> TASK DETAILS: Render every entry verbatim.

> MATERIAL PROVIDED:

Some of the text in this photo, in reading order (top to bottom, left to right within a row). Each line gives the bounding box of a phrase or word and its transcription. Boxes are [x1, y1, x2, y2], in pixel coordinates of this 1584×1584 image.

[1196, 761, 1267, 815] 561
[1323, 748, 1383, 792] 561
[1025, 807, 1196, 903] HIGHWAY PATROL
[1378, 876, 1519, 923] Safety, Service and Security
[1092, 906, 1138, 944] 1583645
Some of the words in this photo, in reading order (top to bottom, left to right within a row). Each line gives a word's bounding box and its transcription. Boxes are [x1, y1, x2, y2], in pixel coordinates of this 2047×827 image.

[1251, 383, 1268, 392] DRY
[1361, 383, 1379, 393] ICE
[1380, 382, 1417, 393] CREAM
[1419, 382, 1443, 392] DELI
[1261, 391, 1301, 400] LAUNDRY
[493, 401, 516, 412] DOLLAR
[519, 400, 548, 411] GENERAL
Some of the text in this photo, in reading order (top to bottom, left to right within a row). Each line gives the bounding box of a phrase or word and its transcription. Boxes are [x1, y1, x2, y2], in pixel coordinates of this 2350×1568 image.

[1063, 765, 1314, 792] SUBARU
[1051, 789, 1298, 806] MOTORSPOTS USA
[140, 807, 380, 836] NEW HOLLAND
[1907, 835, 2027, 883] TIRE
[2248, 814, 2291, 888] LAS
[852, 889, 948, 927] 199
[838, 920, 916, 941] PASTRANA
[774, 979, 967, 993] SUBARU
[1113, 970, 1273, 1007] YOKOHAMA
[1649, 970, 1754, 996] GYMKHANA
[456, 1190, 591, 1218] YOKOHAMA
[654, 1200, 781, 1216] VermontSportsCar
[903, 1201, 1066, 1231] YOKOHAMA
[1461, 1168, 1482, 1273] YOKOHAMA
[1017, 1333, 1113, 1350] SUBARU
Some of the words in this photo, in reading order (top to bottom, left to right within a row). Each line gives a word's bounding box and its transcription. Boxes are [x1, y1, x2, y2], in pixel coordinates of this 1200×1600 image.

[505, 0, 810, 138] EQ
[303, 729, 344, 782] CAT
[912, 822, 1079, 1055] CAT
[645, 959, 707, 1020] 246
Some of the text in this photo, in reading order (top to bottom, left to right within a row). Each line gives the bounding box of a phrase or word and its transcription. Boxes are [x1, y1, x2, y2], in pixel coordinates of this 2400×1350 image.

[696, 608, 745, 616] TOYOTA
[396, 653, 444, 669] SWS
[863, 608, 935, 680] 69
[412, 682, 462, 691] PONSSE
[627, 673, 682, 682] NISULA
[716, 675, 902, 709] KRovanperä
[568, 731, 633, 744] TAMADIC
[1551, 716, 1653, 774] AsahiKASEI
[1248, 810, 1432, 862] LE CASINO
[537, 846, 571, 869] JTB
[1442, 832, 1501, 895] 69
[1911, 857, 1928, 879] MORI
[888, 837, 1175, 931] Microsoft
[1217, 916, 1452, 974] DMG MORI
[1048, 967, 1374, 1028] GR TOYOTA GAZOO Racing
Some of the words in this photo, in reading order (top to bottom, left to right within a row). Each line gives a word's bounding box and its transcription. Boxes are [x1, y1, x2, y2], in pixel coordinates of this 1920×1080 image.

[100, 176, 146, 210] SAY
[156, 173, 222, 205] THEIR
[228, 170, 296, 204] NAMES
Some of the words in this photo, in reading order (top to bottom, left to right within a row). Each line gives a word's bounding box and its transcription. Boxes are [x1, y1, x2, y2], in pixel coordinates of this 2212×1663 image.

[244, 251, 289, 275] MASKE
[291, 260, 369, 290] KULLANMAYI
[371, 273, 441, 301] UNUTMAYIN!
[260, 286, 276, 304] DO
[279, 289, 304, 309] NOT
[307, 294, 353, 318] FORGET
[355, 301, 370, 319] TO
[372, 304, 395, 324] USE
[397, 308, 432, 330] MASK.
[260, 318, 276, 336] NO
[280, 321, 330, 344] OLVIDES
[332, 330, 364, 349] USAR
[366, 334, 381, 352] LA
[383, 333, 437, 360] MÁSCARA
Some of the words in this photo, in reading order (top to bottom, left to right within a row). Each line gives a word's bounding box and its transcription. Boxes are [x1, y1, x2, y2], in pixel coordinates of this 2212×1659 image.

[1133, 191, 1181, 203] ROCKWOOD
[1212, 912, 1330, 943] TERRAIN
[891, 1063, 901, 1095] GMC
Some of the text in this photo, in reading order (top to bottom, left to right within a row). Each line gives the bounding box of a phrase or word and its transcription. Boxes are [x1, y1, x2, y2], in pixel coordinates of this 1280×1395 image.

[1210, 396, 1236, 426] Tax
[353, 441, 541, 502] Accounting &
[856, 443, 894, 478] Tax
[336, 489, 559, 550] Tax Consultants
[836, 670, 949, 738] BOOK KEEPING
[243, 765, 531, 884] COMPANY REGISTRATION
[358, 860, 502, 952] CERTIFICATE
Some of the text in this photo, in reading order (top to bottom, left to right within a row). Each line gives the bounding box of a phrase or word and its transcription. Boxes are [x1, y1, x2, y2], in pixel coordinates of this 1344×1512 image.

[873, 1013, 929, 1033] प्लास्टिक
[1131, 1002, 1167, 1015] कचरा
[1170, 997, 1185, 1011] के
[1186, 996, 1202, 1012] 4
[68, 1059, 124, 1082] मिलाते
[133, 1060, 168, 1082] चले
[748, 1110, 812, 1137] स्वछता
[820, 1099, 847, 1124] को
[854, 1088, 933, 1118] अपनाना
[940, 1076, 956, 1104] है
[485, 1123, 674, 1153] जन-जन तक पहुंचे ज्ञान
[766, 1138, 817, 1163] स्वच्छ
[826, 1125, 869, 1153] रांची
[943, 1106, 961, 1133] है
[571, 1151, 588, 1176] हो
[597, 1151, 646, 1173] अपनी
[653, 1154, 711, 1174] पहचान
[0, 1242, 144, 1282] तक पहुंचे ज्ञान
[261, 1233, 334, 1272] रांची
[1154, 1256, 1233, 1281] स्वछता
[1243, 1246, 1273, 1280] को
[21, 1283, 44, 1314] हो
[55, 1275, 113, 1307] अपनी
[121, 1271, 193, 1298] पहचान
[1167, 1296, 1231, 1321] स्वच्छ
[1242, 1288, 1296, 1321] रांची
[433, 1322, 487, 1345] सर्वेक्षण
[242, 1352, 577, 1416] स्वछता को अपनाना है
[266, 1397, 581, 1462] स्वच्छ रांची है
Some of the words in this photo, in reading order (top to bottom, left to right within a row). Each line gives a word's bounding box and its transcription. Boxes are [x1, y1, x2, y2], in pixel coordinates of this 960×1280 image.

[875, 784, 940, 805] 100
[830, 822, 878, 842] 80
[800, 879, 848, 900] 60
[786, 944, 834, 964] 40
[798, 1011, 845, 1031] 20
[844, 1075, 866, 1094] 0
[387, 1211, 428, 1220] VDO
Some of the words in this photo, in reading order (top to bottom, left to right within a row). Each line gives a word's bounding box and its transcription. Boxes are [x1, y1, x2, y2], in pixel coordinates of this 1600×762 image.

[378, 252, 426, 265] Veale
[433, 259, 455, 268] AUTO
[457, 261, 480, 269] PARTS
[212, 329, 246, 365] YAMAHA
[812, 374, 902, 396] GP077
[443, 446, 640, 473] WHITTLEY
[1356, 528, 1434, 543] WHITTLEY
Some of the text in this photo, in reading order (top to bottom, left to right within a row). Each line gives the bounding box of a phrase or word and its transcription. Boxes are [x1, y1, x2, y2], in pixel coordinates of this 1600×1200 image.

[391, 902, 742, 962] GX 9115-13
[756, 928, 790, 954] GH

> SOLUTION FOR THIS PROBLEM:
Some of the text in this photo, in reading order (top to bottom, left to right within a row). Each line gives the bounding box of a phrase or word and its transcription. Boxes are [x1, y1, x2, y2], in pixel coordinates of this 1584×1584 image.

[1196, 761, 1267, 815] 561
[1323, 748, 1383, 792] 561
[1025, 807, 1196, 903] HIGHWAY PATROL
[1378, 876, 1519, 923] Safety, Service and Security
[1092, 906, 1138, 944] 1583645
Some of the words in this photo, in reading order (top to bottom, left to right within a row). Each line gives a word's bounding box and its transcription. Boxes are [x1, y1, x2, y2], in pixel coordinates of this 2047×827 image.

[1251, 383, 1268, 392] DRY
[1361, 383, 1379, 393] ICE
[1380, 382, 1417, 393] CREAM
[1419, 382, 1443, 392] DELI
[1261, 391, 1301, 400] LAUNDRY
[493, 401, 516, 412] DOLLAR
[519, 400, 548, 411] GENERAL
Some of the text in this photo, in reading order (top to bottom, left to right within a row). Each line gives the bounding box of a phrase or word and its transcription. Boxes are [x1, y1, x2, y2], in pixel coordinates of this 2350×1568 image.

[1063, 765, 1314, 792] SUBARU
[1051, 789, 1298, 806] MOTORSPOTS USA
[140, 807, 380, 836] NEW HOLLAND
[1907, 835, 2027, 883] TIRE
[2248, 814, 2291, 888] LAS
[852, 889, 948, 927] 199
[838, 920, 916, 941] PASTRANA
[774, 979, 967, 993] SUBARU
[1113, 970, 1273, 1007] YOKOHAMA
[1649, 970, 1754, 996] GYMKHANA
[456, 1190, 591, 1218] YOKOHAMA
[654, 1200, 781, 1216] VermontSportsCar
[903, 1201, 1066, 1231] YOKOHAMA
[1461, 1168, 1482, 1273] YOKOHAMA
[1017, 1333, 1113, 1350] SUBARU
Some of the words in this photo, in reading order (top to bottom, left to right within a row). Each line gives a word's bounding box and its transcription. Boxes are [x1, y1, x2, y2], in pixel coordinates of this 1200×1600 image.

[505, 0, 810, 138] EQ
[303, 729, 344, 782] CAT
[912, 822, 1079, 1055] CAT
[645, 959, 707, 1020] 246
Some of the text in this photo, in reading order (top to bottom, left to right within a row). Each line gives the bounding box of a phrase or word and its transcription. Boxes are [x1, y1, x2, y2], in pixel coordinates of this 2400×1350 image.

[696, 608, 745, 616] TOYOTA
[396, 653, 444, 669] SWS
[863, 608, 935, 680] 69
[412, 682, 462, 691] PONSSE
[627, 673, 682, 682] NISULA
[716, 675, 902, 709] KRovanperä
[568, 731, 633, 744] TAMADIC
[1551, 716, 1653, 774] AsahiKASEI
[1248, 810, 1432, 862] LE CASINO
[537, 846, 571, 869] JTB
[1442, 832, 1501, 895] 69
[1911, 857, 1928, 879] MORI
[888, 837, 1175, 931] Microsoft
[1217, 916, 1452, 974] DMG MORI
[1048, 967, 1374, 1028] GR TOYOTA GAZOO Racing
Some of the words in this photo, in reading order (top to bottom, left to right within a row). Each line gives a word's bounding box and its transcription. Boxes are [x1, y1, x2, y2], in pixel coordinates of this 1920×1080 image.

[100, 176, 146, 210] SAY
[156, 173, 222, 205] THEIR
[228, 170, 296, 204] NAMES
Some of the words in this photo, in reading order (top to bottom, left to right within a row). Each line gives a word's bounding box and its transcription. Boxes are [x1, y1, x2, y2], in pixel coordinates of this 2212×1663 image.

[244, 251, 289, 275] MASKE
[291, 260, 369, 290] KULLANMAYI
[371, 273, 441, 301] UNUTMAYIN!
[260, 286, 276, 304] DO
[279, 289, 304, 309] NOT
[307, 294, 353, 318] FORGET
[355, 301, 370, 319] TO
[372, 304, 395, 324] USE
[397, 308, 432, 330] MASK.
[260, 318, 276, 336] NO
[280, 321, 330, 344] OLVIDES
[332, 330, 364, 349] USAR
[366, 334, 381, 352] LA
[383, 333, 437, 360] MÁSCARA
Some of the words in this photo, in reading order (top to bottom, left to right within a row). Each line gives a word's bounding box and its transcription. Boxes are [x1, y1, x2, y2], in pixel coordinates of this 2212×1659 image.

[1133, 191, 1181, 203] ROCKWOOD
[1212, 912, 1330, 943] TERRAIN
[891, 1063, 901, 1095] GMC
Some of the text in this photo, in reading order (top to bottom, left to right within a row). Each line gives the bounding box of a phrase or word and its transcription. Boxes are [x1, y1, x2, y2], in pixel coordinates of this 1280×1395 image.

[1210, 396, 1236, 426] Tax
[353, 441, 541, 502] Accounting &
[856, 443, 894, 478] Tax
[336, 489, 559, 550] Tax Consultants
[836, 670, 949, 738] BOOK KEEPING
[243, 765, 531, 884] COMPANY REGISTRATION
[358, 860, 502, 952] CERTIFICATE
Some of the text in this photo, in reading order (top to bottom, left to right within a row). Each line gives the bounding box of a phrase or word and its transcription. Boxes are [x1, y1, x2, y2], in pixel coordinates of this 1344×1512 image.

[873, 1013, 929, 1033] प्लास्टिक
[1131, 1002, 1167, 1015] कचरा
[1170, 997, 1185, 1011] के
[1186, 996, 1202, 1012] 4
[68, 1059, 124, 1082] मिलाते
[133, 1060, 168, 1082] चले
[748, 1110, 812, 1137] स्वछता
[820, 1099, 847, 1124] को
[854, 1088, 933, 1118] अपनाना
[940, 1076, 956, 1104] है
[485, 1123, 674, 1153] जन-जन तक पहुंचे ज्ञान
[766, 1138, 817, 1163] स्वच्छ
[826, 1125, 869, 1153] रांची
[943, 1106, 961, 1133] है
[571, 1151, 588, 1176] हो
[597, 1151, 646, 1173] अपनी
[653, 1154, 711, 1174] पहचान
[0, 1242, 144, 1282] तक पहुंचे ज्ञान
[261, 1233, 334, 1272] रांची
[1154, 1256, 1233, 1281] स्वछता
[1243, 1246, 1273, 1280] को
[21, 1283, 44, 1314] हो
[55, 1275, 113, 1307] अपनी
[121, 1271, 193, 1298] पहचान
[1167, 1296, 1231, 1321] स्वच्छ
[1242, 1288, 1296, 1321] रांची
[433, 1322, 487, 1345] सर्वेक्षण
[242, 1352, 577, 1416] स्वछता को अपनाना है
[266, 1397, 581, 1462] स्वच्छ रांची है
Some of the words in this photo, in reading order (top to bottom, left to right within a row). Each line gives a word's bounding box and its transcription. Boxes are [x1, y1, x2, y2], in pixel coordinates of this 960×1280 image.

[875, 784, 940, 805] 100
[830, 822, 878, 842] 80
[800, 879, 848, 900] 60
[786, 944, 834, 964] 40
[798, 1011, 845, 1031] 20
[844, 1075, 866, 1094] 0
[387, 1211, 428, 1220] VDO
Some of the words in this photo, in reading order (top to bottom, left to right within a row). Each line gives a word's bounding box and its transcription. Boxes are [x1, y1, x2, y2], in pixel coordinates of this 1600×762 image.

[378, 252, 426, 265] Veale
[433, 259, 455, 268] AUTO
[457, 261, 480, 269] PARTS
[212, 329, 246, 365] YAMAHA
[812, 374, 902, 396] GP077
[443, 446, 640, 473] WHITTLEY
[1356, 528, 1434, 543] WHITTLEY
Some of the text in this photo, in reading order (top to bottom, left to right within a row). Each line gives the bounding box of a phrase or word and its transcription. Boxes are [x1, y1, x2, y2], in pixel coordinates of this 1600×1200 image.

[391, 902, 742, 962] GX 9115-13
[756, 928, 790, 954] GH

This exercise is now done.